> _INSTRUCTIONS FOR THE TASK_
Repeat every entry word for word, but leave the images out of your copy.

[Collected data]
┌──
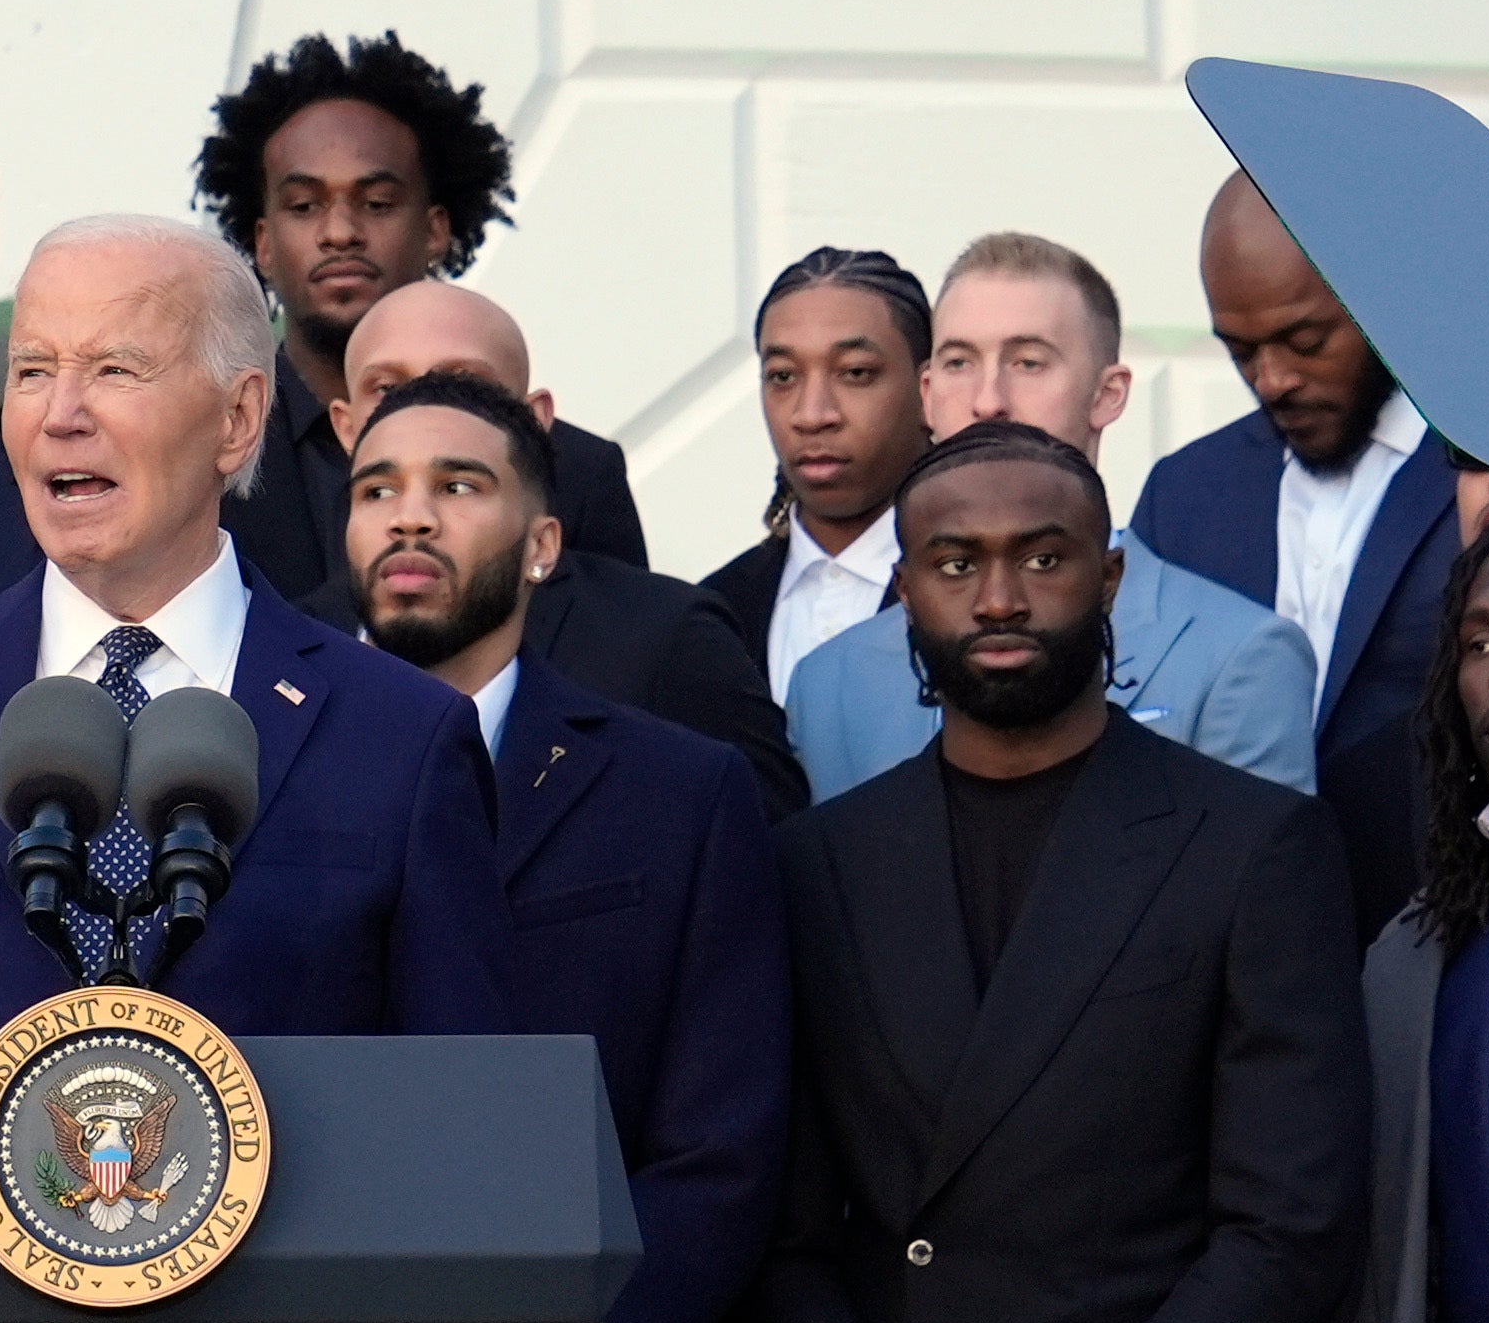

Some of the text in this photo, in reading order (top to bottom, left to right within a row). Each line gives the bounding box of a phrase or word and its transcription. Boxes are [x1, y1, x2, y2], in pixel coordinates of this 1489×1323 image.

[110, 1002, 139, 1021] OF
[145, 1007, 185, 1038] THE
[193, 1033, 260, 1162] UNITED
[3, 1227, 85, 1291] SEAL
[141, 1193, 248, 1291] STATES
└──
> _REPLY_
Some of the text in this photo, in reading order (top to bottom, left to right within a row). Each line gives the bounding box of a phrase or word and its transcription. Boxes are [x1, y1, x2, y2], in pixel coordinates of this 1489×1323 image.

[110, 1002, 139, 1021] OF
[145, 1007, 185, 1038] THE
[193, 1033, 260, 1162] UNITED
[3, 1227, 85, 1291] SEAL
[141, 1193, 248, 1291] STATES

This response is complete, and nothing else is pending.